Richard Moore from Los Jardines Institute in Alburquerque receives books to seed his underground library of banned books. Moore's operation grows organic produce for distribution among the collective's members and neighbors.

Banned books laid out as Librotraficantes collect titles for  Los Jardines' clandestine library.

We arrived, we saw, we liberated books. If only freeing the hearts and souls of Arizona officials could be as easy as saying three words. Winning elections is as easy as voting with the majority.
You are on the bus or contributing money to candidates & Librotraficantes Phase 2

Veni vidi libri. The three words of Old Latino exactly describe what’s happened in recent days. A busload of writers, readers, and journalists came together united in the common goal of refusing to acquiesce in the evil acts of Tucson school officials. Veni.

A busload of literacy activists saw the need and met the need. Tony Diaz admits to this week's actions being highly preliminary. The activists will return to Nuestra Palabra in Houston and study the lessons learned to find additional opportunties to bring banned books back to the children of Tucson’s schools. That the action entailed humor and love stands for the world to see the protest as an act of love. Vidi.

Los Libro Traficantes, acting as a living, flesh-and-blood prosthesis for the United States cultural mind, liberated the banned books by leaving a trail of banned book libraries in their wake as they caravaned from Houston to San Antonio to El Paso to Mesilla to Alburquerque to Tucson.
Diana Lopez, author of Confetti Girl attended the fabulous Tucson press conference.

The week has provided a ton of fun and seriously moving moments, amid the performance art of a montón of gente climbing on a bus and heading out into the Unitedstatesian Southwest to poke a sharp stick in the eye of fools.

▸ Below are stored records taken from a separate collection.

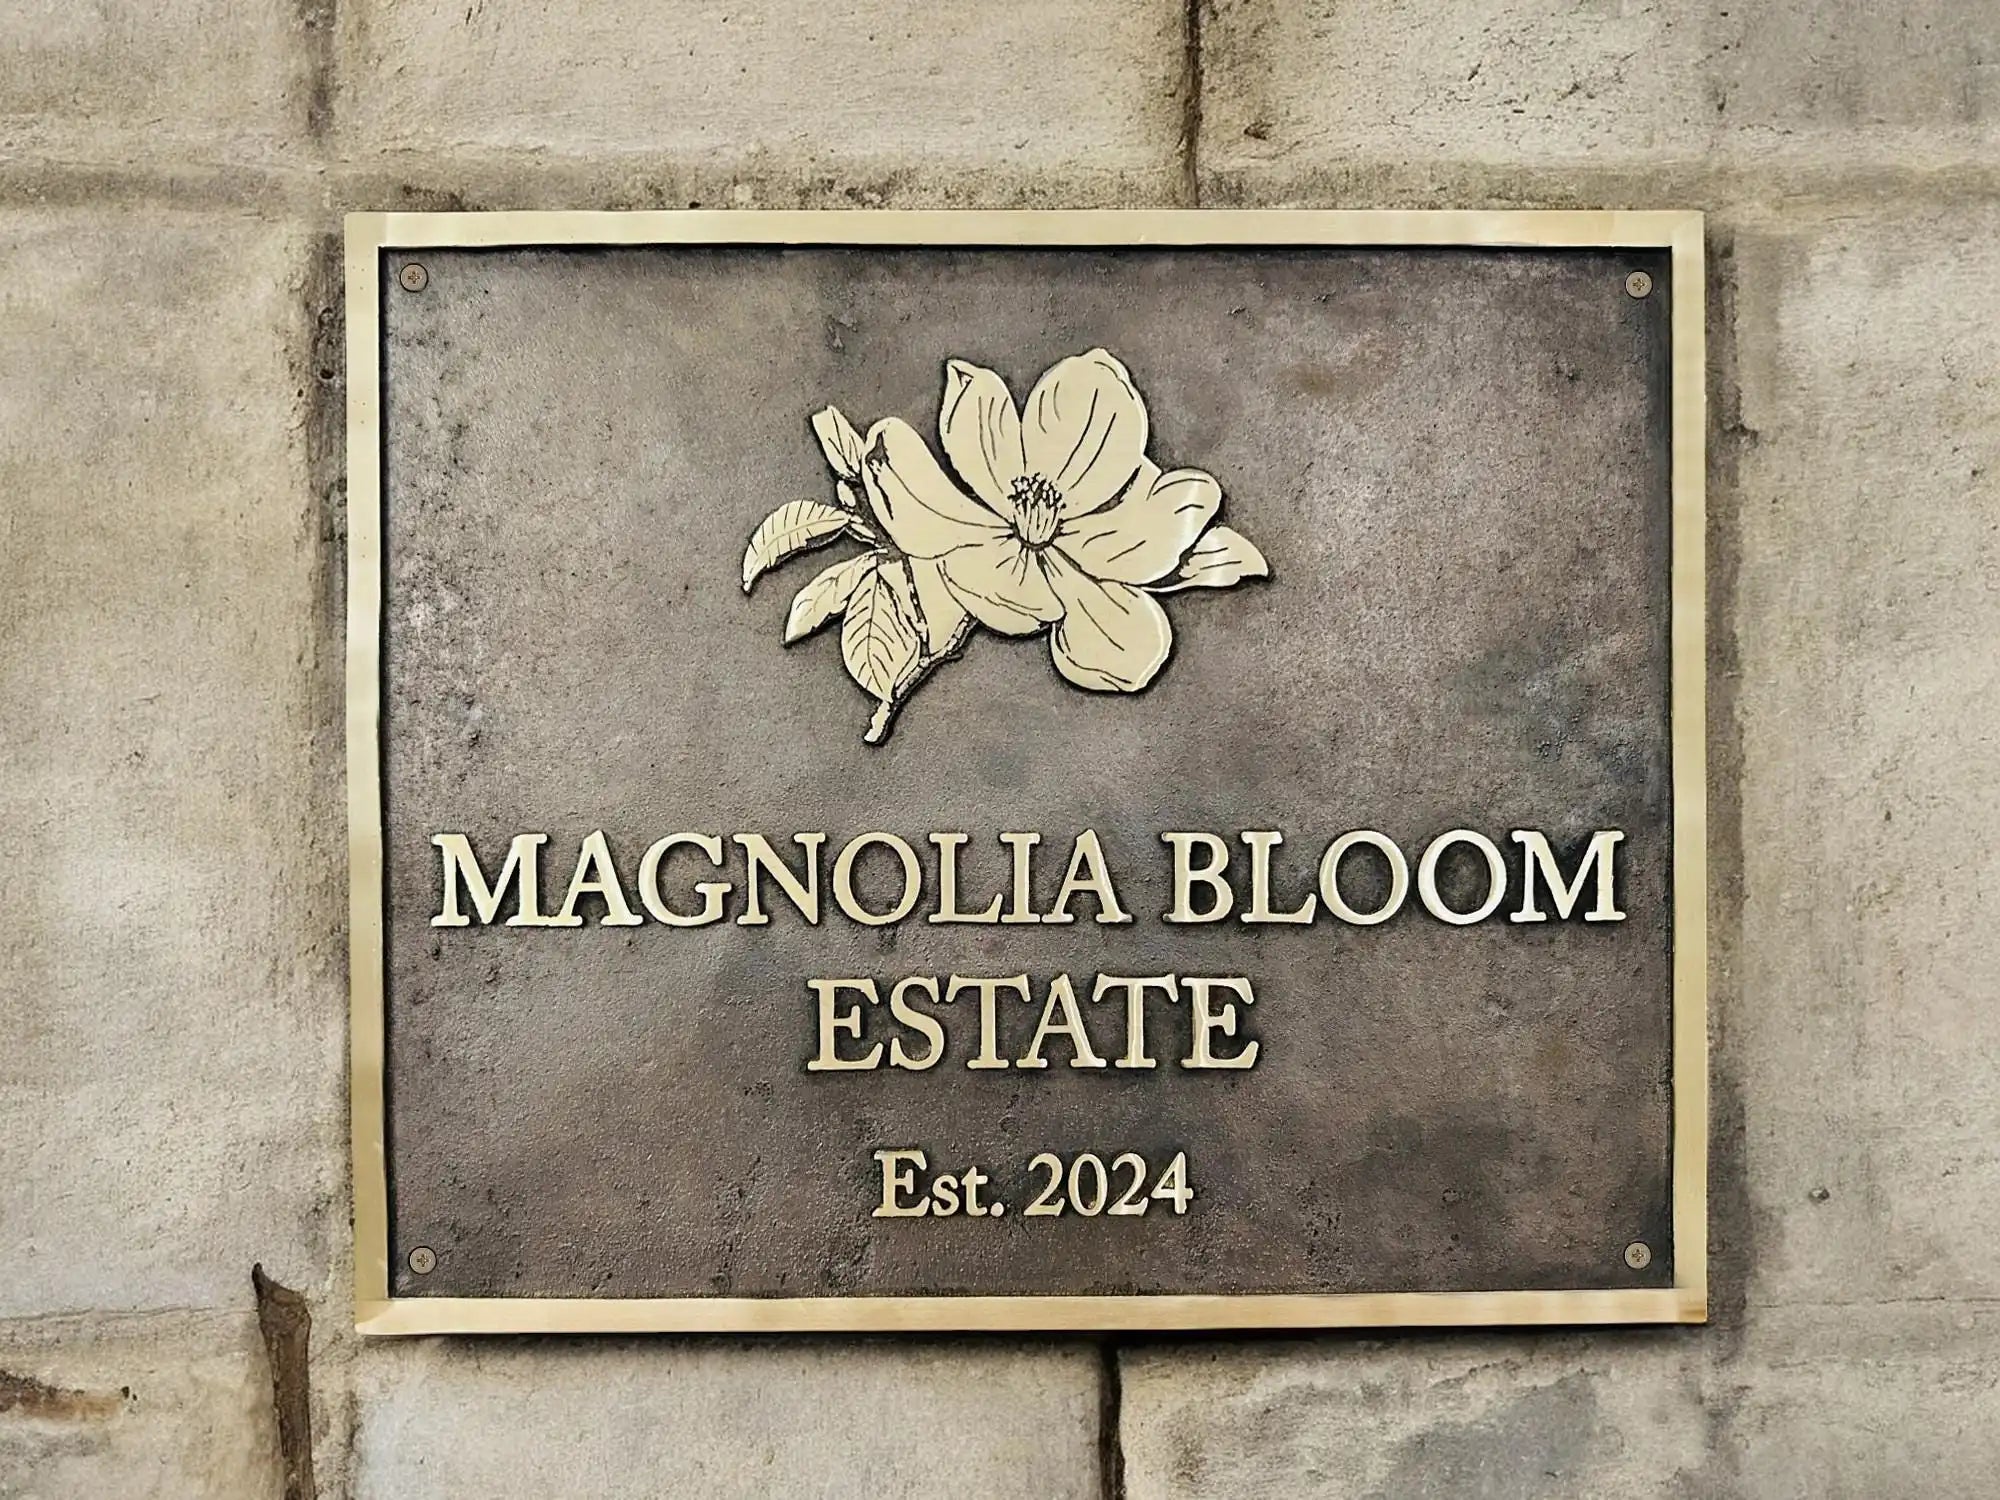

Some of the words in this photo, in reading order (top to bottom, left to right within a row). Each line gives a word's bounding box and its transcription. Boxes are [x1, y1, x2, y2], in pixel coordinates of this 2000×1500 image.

[431, 830, 1131, 926] MAGNOLIA
[1165, 829, 1626, 925] BLOOM
[808, 974, 1258, 1071] ESTATE
[873, 1151, 1005, 1218] Est.
[1024, 1152, 1194, 1217] 2024

But the banning of books is a deeply troubling, aggressively anti-American action. That helps explain the hundreds of angry people who filled each stop along the way, angry that anyone would ban a book, much less ban these books. Until the courts speak the racist haters have the power, but not the right, to ban entire cultures from the curriculum.

Here is a patriot: One woman approached a Librotraficante with a handful of dollar bills. “This is all I can afford,” she explained, “I’ve been unemployed over a year now.”
Tucson. Librotraficantes including Dagoberto Gilb and portavoz extraordinaire Tony Diaz.

Here is what Love looks like, the foto above. And the woman giving grocery money clarifies her values. She knows she will eat tomorrow. Deny a kid a book and that book is denied forever. 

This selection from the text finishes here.